I'll assume AM DSB modulation for simplicity, but the same idea applies to quadrature modulation. I'll assume that the received signal has been properly bandpass filtered. I'll also ignore noise and carrier synchronization.

So, the received signal is $$r(t) = s(t)\cos(2\pi f_c t).$$ We want to recover the baseband signal $$s(t)$$ from $$r(t)$$. The bandwidth of $$s(t)$$ is $$B$$ and the bandwidth of $$r(t)$$ is $$W=2B$$. The signal $$r(t)$$ is centered on $$f_c$$; we would like the receiver to accept $$f_c$$ as a parameter set by the user (we say that the receiver should be tunable).

A homodyne receiver calculates $$\hat{s}(t) = \text{LPF}\lbrace r(t) \cos(2\pi f_c t) \rbrace.$$ While mathematically this is super simple, in practice this receiver is extremely difficult to implement. This was especially true in the early age of radio, where the entire system was analog and the theory was not yet well understood.

The heterodyne receiver (invented by the unsung, tragic genius Armstrong, as pointed out by Stanley) recovers $$s(t)$$ in two (or more) stages. First it calculates $$s_{IF}(t) = \text{BPF}\lbrace r(t) \cos(2\pi f_1 t) \rbrace,$$ where $$f_1$$ is selected so that $$s_{IF}(t)$$ is centered at frequency $$f_{IF}$$. In a second stage, the receivers calculates $$\hat{s}(t) = \text{LPF}\lbrace s_{IF}(t) \cos(2\pi f_{LF} t) \rbrace.$$ The point of this receiver is that the second stage is independent of the chosen value of $$f_c$$. This single idea simplifies the implementation so much that it is actually the reason we've had radio at all for the past 70-80 years.

If you're interested in this subject, there are two books I can't recommend enough:

• "The science of radio", by Paul Nahin.

• "Man of high fidelity", a biography of Armstrong by Lawrence Lessig.

On the technical side, I like the presentation of different modern receiver architectures in

• "RF system design of transceivers for wireless communications", by Qizheng Gu.

Heterodyning was invented by Armstrong.
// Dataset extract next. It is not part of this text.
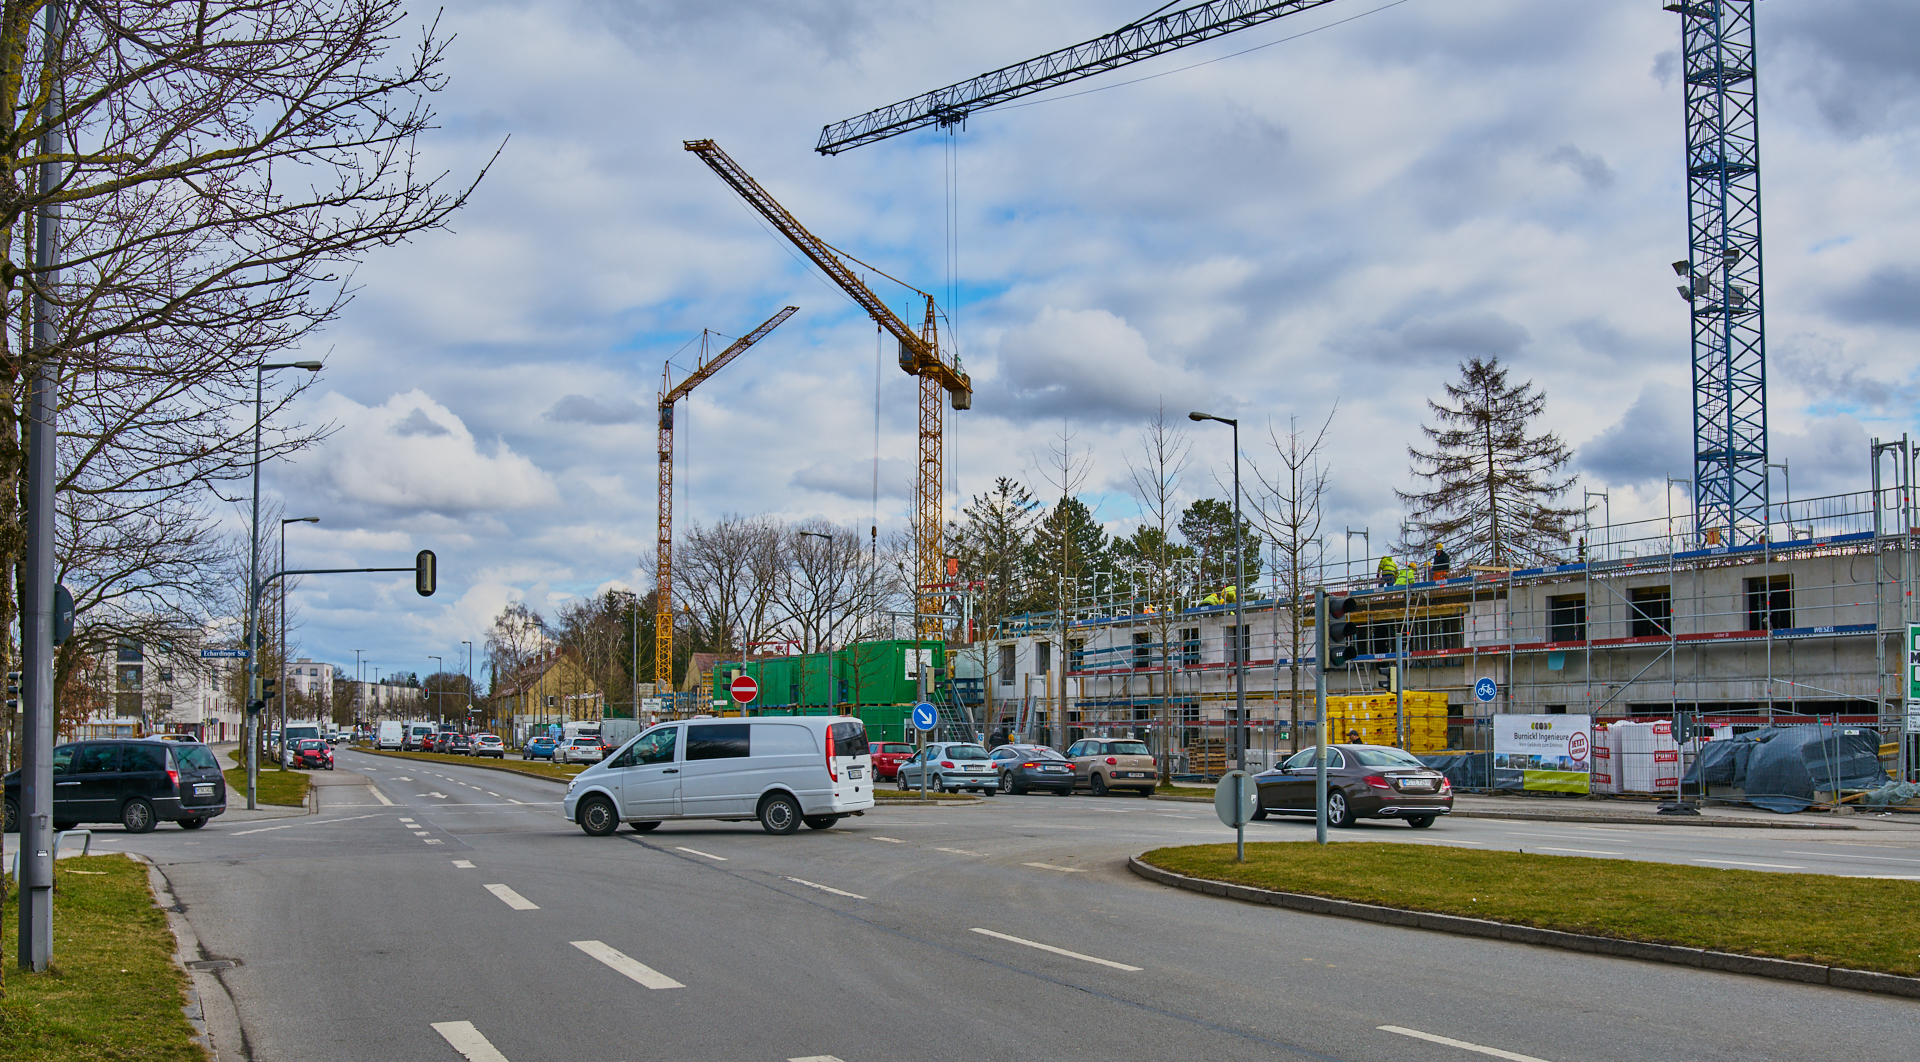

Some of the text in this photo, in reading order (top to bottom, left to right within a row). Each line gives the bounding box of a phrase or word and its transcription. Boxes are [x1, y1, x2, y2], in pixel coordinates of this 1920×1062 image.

[1710, 547, 1729, 555] WIESER
[1813, 626, 1834, 634] WIESER
[1514, 732, 1569, 742] Burnickl Ingenieure
[1571, 738, 1585, 749] JETZT
Its really a cheaper way to implement analog bandpass RF filters using a set of cascaded fixed band filters to tune to a segment of the RF spectrum that contains a broadcast station.
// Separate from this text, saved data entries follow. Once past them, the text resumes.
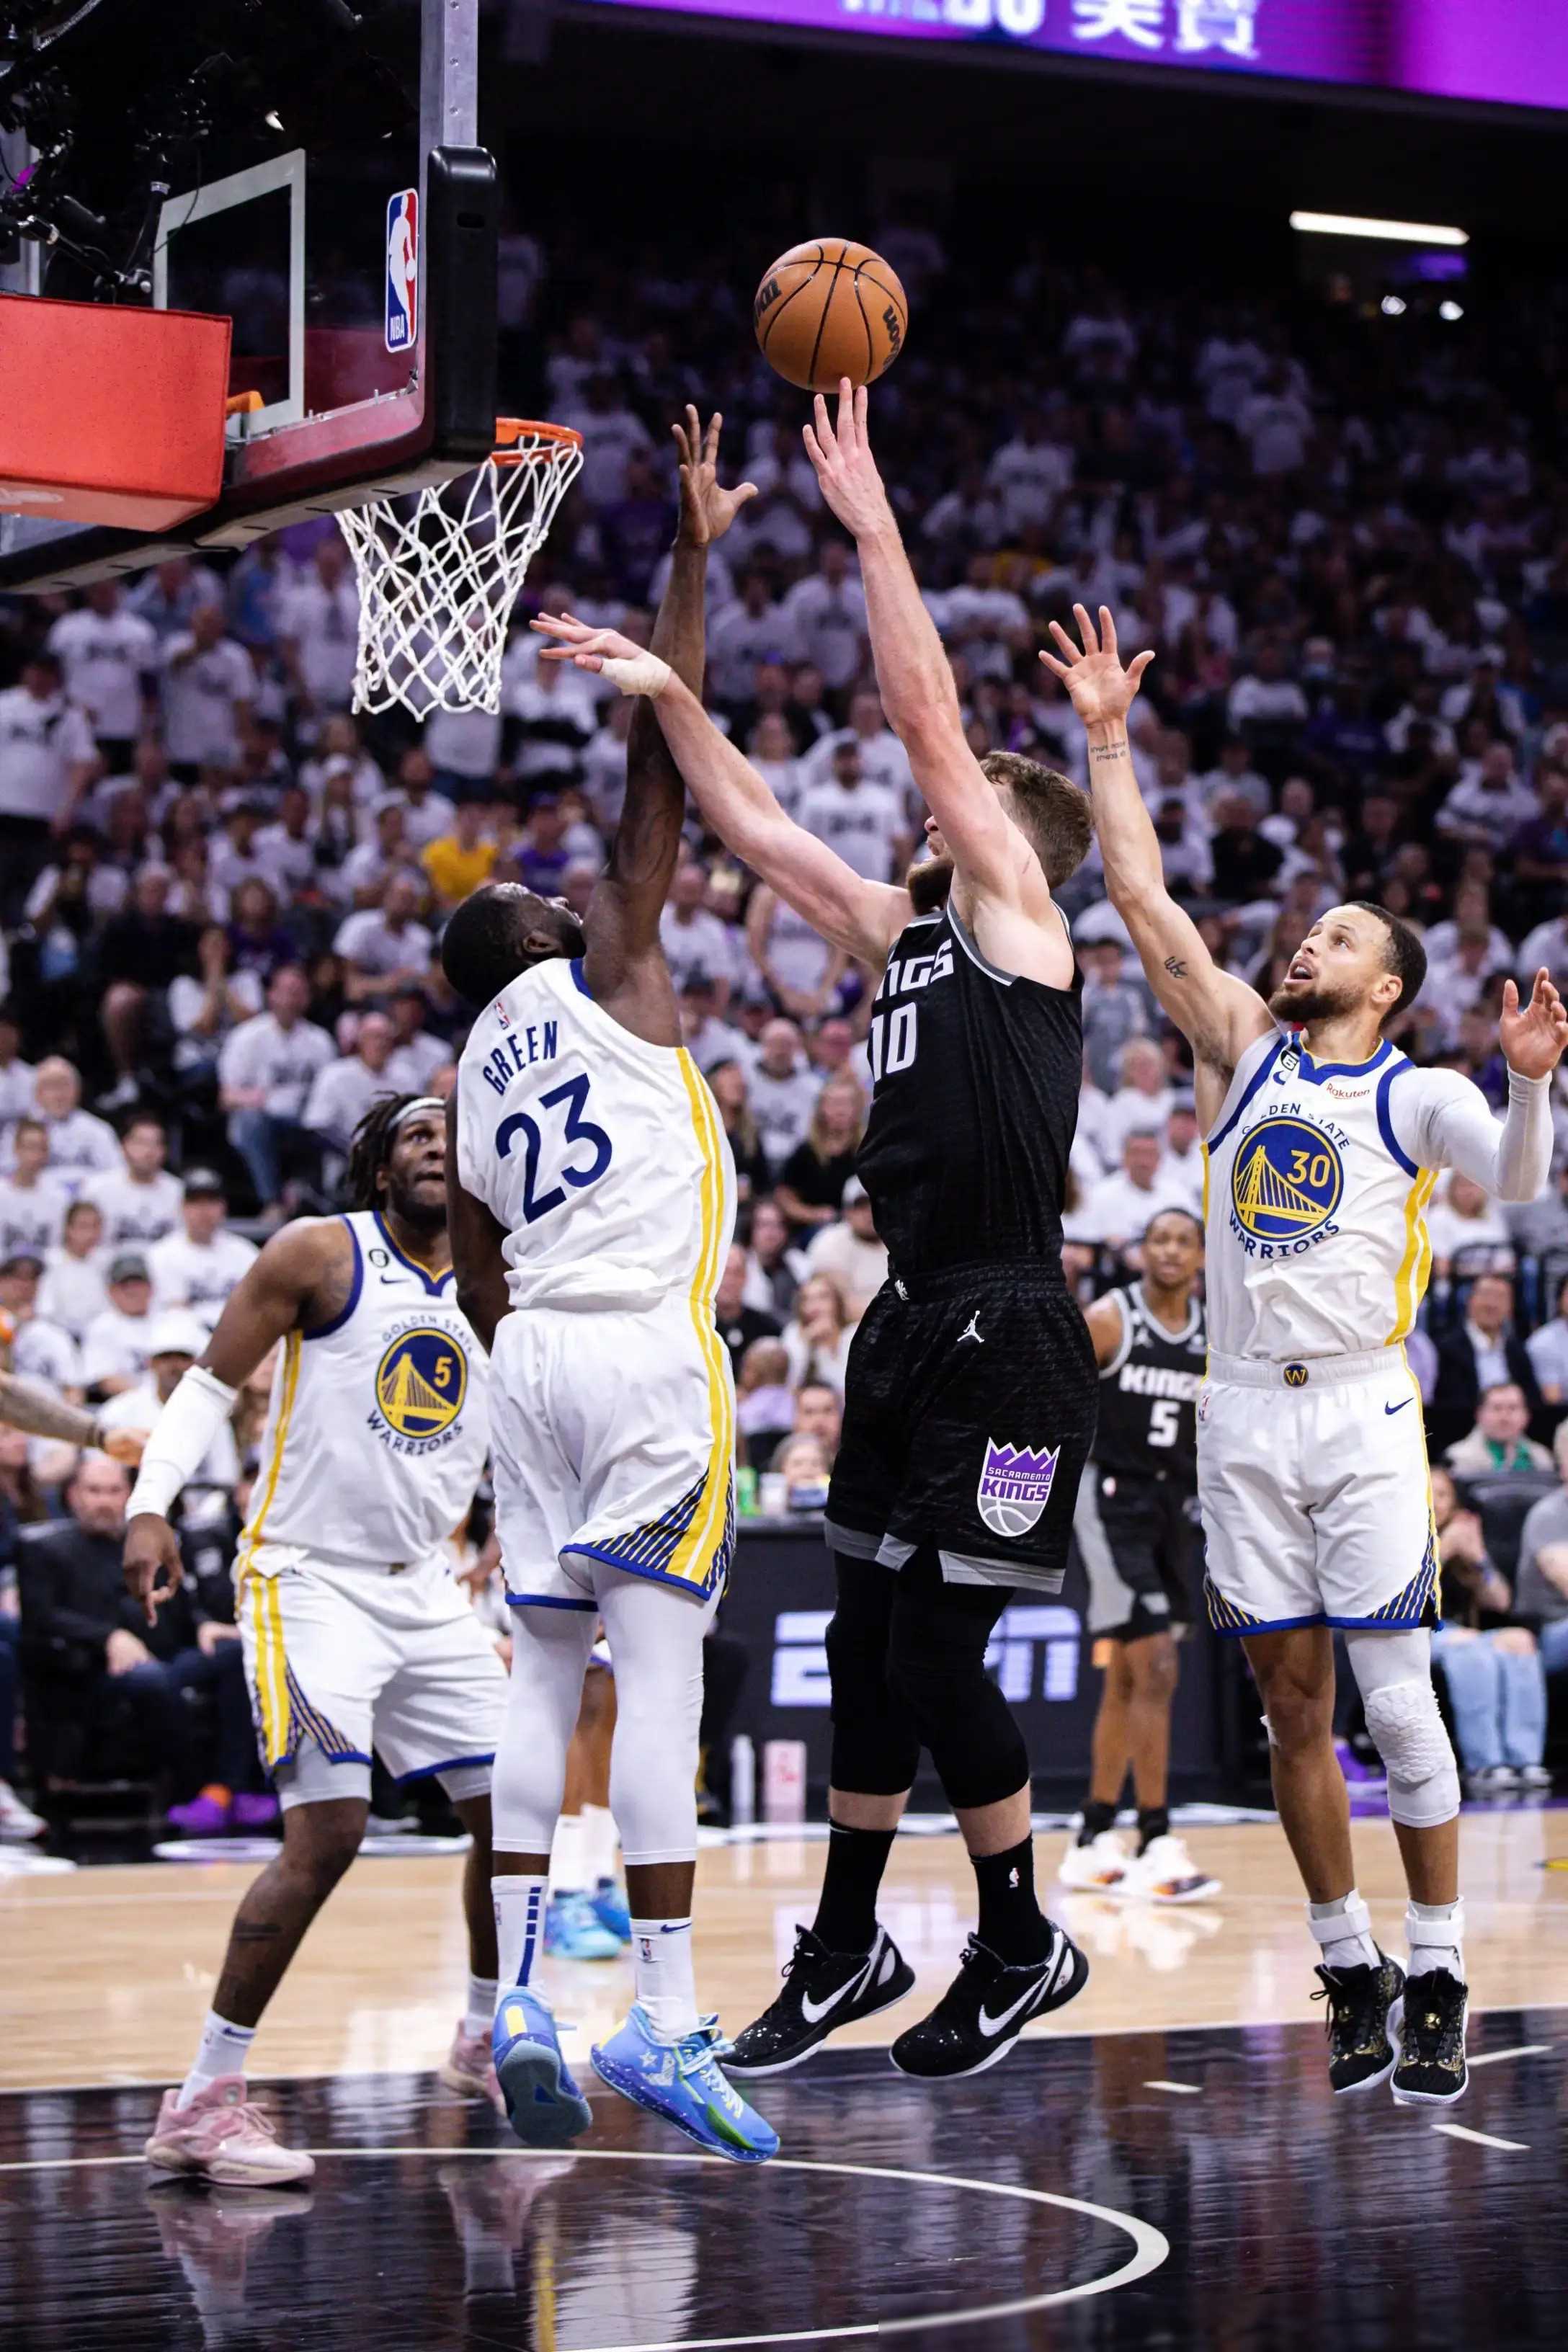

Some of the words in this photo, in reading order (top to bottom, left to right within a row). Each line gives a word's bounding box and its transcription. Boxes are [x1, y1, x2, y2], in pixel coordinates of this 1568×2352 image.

[390, 314, 405, 342] NBA
[875, 938, 954, 1001] NGS
[482, 1020, 558, 1096] GREEN
[870, 1002, 917, 1082] 10
[1327, 1082, 1371, 1099] Rakuten
[1242, 1102, 1301, 1135] GDEN
[495, 1073, 612, 1224] 23
[1286, 1149, 1331, 1188] 30
[1229, 1208, 1340, 1260] WARRIORS
[382, 1314, 437, 1343] GOLDEN
[434, 1355, 453, 1388] 5
[1285, 1368, 1307, 1385] W
[367, 1409, 463, 1456] WARRIORS
[1146, 1399, 1182, 1448] 5
[981, 1477, 1050, 1502] KINGS
[987, 1466, 1051, 1482] SACRAMENTO
Analog filters have temperature and age related drift issues and need to be "tuned" periodically. When consumer radio receivers were first mass produced it was recognized that translation to an intermediate frequency (IF) where there was a cascade (stages) of fixed RF band pass filters followed by a single detector (demodulator) would offer advantages over having a set of separate bandpass filters for each station or a cascade of variable frequency filters or a separate detector for each broadcast station.